- What you should do: Find the line containing "this 1344×1512 image." in the data below and repeat it, along with all later lines, exactly through the last one.

====== Data extracts

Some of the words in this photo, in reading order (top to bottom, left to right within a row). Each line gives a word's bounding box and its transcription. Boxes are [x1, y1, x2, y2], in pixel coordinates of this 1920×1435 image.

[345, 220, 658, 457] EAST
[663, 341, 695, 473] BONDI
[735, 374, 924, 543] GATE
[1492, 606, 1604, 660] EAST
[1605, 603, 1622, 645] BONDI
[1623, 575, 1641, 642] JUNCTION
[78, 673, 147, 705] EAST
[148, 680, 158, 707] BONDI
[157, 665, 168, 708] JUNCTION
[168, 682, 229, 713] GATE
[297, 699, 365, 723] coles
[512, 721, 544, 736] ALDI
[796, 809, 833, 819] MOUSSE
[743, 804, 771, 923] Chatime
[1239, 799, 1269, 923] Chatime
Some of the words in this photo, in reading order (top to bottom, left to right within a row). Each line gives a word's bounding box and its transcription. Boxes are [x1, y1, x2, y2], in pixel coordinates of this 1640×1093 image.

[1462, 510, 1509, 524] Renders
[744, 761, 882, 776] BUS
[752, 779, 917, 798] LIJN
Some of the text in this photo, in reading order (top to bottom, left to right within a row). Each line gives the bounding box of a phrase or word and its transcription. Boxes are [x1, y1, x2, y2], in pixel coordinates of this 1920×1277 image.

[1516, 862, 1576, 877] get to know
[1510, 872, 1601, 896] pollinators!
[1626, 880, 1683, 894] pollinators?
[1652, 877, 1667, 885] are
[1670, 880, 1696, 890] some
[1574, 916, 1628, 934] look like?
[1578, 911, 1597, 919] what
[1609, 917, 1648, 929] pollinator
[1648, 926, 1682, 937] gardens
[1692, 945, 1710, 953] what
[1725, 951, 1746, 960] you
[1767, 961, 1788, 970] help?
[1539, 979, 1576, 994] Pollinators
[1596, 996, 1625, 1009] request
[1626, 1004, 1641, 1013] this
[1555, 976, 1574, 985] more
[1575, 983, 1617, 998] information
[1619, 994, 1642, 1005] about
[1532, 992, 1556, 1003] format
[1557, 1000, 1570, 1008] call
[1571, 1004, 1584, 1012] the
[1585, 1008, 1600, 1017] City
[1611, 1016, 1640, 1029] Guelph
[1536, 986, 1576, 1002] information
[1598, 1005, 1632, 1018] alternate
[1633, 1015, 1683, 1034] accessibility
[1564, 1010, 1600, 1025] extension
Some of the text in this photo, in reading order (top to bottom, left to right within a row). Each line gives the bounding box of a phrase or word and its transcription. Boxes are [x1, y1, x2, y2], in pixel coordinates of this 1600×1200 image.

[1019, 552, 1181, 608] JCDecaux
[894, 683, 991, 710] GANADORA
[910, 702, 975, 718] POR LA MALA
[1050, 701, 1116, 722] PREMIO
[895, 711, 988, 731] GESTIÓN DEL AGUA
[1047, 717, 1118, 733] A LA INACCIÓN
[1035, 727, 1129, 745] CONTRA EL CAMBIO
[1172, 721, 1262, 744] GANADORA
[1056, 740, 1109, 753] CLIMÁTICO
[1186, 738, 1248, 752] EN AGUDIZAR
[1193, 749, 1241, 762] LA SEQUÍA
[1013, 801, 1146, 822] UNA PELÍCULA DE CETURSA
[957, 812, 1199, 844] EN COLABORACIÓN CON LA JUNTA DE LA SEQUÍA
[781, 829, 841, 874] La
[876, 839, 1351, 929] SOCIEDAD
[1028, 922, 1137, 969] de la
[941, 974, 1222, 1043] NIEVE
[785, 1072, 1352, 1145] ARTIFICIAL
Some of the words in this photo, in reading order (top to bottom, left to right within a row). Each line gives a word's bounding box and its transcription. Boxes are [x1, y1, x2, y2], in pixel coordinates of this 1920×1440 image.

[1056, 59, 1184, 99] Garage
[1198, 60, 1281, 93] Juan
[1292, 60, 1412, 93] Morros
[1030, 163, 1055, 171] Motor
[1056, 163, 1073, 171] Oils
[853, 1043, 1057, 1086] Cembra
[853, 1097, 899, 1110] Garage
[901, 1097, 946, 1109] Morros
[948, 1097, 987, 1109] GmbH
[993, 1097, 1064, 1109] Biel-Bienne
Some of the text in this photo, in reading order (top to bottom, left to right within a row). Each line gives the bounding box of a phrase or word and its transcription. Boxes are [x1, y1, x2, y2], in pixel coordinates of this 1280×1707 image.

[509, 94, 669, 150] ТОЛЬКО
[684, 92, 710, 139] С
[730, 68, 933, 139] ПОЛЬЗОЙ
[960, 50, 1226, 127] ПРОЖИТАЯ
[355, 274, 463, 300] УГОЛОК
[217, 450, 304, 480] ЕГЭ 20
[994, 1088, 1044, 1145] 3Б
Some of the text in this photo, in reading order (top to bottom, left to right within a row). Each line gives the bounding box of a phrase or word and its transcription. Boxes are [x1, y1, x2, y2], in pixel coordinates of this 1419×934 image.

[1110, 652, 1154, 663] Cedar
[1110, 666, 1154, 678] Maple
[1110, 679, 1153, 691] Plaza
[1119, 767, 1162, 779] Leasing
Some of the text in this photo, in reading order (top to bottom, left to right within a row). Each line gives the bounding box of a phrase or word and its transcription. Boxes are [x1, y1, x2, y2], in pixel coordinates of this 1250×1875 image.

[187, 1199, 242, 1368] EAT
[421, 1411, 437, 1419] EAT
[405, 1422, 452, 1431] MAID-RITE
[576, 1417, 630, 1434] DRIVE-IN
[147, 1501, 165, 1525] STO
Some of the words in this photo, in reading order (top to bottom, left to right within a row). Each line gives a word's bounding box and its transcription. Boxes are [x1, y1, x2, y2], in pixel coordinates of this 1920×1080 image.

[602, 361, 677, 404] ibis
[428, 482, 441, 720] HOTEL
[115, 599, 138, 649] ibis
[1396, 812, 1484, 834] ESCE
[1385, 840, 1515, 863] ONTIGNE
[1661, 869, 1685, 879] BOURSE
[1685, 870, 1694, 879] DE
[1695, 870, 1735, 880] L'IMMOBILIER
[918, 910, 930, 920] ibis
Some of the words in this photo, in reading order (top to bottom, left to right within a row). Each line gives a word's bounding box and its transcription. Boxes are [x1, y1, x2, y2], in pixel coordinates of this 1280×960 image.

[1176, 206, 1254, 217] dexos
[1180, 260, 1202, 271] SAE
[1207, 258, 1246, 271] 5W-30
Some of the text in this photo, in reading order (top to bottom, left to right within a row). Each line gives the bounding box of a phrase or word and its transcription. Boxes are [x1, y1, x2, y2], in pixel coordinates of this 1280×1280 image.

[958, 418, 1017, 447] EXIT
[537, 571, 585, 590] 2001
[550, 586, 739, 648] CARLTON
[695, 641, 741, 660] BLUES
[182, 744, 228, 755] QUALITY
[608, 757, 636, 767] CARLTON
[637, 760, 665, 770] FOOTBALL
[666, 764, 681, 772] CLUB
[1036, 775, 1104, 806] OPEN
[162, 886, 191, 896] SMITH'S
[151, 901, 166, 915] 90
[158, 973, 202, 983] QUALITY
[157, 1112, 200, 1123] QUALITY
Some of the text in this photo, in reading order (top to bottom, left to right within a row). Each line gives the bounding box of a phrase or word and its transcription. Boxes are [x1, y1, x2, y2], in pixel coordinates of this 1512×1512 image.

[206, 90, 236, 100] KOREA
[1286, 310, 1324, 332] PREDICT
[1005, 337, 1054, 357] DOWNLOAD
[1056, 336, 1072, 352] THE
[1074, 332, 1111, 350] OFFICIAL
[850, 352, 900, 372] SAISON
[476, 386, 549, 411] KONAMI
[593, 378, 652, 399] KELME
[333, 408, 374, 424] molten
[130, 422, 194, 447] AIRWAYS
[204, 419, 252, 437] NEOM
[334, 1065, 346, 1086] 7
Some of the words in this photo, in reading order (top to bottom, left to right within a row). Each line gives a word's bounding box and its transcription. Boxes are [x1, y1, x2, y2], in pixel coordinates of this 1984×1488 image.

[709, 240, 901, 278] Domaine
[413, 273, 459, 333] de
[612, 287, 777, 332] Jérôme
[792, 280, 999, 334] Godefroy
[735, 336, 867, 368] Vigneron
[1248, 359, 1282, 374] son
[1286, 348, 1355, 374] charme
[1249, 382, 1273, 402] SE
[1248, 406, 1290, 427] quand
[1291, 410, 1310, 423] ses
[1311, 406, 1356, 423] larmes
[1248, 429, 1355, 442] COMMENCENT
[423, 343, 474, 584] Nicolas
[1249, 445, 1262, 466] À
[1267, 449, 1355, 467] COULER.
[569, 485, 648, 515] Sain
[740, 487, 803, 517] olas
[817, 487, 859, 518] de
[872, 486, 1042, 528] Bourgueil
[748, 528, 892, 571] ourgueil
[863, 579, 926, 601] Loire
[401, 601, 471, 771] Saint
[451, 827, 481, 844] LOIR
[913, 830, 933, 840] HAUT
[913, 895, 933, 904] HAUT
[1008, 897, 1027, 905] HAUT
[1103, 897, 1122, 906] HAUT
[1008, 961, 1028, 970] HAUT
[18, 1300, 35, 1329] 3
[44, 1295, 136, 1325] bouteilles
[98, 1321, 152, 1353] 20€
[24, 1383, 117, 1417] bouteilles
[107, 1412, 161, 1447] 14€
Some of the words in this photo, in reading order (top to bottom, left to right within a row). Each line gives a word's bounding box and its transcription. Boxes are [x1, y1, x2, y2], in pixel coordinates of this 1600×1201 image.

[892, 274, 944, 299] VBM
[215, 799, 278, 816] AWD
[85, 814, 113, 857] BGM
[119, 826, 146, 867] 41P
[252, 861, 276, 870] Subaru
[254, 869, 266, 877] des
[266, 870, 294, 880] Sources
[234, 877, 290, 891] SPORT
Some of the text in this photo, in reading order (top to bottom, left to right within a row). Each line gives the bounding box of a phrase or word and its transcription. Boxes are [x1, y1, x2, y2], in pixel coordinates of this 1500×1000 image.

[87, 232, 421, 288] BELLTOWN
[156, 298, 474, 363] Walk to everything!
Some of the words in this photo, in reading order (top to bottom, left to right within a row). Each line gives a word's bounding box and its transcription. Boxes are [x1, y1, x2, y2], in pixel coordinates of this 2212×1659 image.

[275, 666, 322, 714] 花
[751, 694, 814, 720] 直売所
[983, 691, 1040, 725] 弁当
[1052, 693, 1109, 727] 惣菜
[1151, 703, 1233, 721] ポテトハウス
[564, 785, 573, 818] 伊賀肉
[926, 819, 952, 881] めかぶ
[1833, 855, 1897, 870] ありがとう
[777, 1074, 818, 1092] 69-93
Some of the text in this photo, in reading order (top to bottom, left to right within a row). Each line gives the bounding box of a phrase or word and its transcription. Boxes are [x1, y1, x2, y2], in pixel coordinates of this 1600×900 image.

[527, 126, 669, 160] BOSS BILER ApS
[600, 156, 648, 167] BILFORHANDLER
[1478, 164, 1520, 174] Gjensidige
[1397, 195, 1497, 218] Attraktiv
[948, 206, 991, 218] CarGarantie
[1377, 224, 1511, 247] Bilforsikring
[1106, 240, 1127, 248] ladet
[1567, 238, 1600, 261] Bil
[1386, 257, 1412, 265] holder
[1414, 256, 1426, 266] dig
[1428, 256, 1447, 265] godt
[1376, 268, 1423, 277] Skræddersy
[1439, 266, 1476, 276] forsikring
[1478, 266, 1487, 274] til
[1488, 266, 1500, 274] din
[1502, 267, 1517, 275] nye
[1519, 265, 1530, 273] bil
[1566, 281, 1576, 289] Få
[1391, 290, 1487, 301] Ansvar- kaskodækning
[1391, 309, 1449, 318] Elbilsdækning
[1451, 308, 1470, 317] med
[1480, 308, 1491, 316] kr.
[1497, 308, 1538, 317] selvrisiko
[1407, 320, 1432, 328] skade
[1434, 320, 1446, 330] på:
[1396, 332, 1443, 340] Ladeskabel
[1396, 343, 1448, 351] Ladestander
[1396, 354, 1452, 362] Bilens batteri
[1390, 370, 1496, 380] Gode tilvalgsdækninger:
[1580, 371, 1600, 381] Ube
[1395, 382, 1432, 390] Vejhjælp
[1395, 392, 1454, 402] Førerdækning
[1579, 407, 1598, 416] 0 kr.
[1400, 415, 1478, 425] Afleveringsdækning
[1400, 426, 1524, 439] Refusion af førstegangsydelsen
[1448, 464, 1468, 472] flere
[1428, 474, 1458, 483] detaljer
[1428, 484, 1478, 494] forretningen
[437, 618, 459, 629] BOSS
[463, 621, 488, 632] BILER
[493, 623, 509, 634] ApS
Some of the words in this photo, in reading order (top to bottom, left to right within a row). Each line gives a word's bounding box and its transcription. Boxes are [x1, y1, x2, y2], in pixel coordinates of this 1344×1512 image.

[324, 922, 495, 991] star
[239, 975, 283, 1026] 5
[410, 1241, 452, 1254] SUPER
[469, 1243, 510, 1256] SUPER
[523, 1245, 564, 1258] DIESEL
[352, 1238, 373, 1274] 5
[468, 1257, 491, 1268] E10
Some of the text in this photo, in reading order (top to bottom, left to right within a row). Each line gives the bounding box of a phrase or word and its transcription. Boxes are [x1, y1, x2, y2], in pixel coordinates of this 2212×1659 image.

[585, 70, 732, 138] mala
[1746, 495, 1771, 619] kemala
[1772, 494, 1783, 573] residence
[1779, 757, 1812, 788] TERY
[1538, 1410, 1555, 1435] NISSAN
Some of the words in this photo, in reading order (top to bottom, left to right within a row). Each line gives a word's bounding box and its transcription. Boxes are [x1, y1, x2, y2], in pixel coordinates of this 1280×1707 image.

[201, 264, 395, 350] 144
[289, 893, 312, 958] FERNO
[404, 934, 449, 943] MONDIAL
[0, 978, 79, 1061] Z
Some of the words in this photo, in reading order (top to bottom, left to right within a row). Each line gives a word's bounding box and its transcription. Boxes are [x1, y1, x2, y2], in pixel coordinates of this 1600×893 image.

============

- Solved exercise:
Some of the words in this photo, in reading order (top to bottom, left to right within a row). Each line gives a word's bounding box and its transcription. Boxes are [x1, y1, x2, y2], in pixel coordinates of this 1344×1512 image.

[324, 922, 495, 991] star
[239, 975, 283, 1026] 5
[410, 1241, 452, 1254] SUPER
[469, 1243, 510, 1256] SUPER
[523, 1245, 564, 1258] DIESEL
[352, 1238, 373, 1274] 5
[468, 1257, 491, 1268] E10
Some of the text in this photo, in reading order (top to bottom, left to right within a row). Each line gives the bounding box of a phrase or word and its transcription. Boxes are [x1, y1, x2, y2], in pixel coordinates of this 2212×1659 image.

[585, 70, 732, 138] mala
[1746, 495, 1771, 619] kemala
[1772, 494, 1783, 573] residence
[1779, 757, 1812, 788] TERY
[1538, 1410, 1555, 1435] NISSAN
Some of the words in this photo, in reading order (top to bottom, left to right within a row). Each line gives a word's bounding box and its transcription. Boxes are [x1, y1, x2, y2], in pixel coordinates of this 1280×1707 image.

[201, 264, 395, 350] 144
[289, 893, 312, 958] FERNO
[404, 934, 449, 943] MONDIAL
[0, 978, 79, 1061] Z
Some of the words in this photo, in reading order (top to bottom, left to right within a row). Each line gives a word's bounding box and its transcription. Boxes are [x1, y1, x2, y2], in pixel coordinates of this 1600×893 image.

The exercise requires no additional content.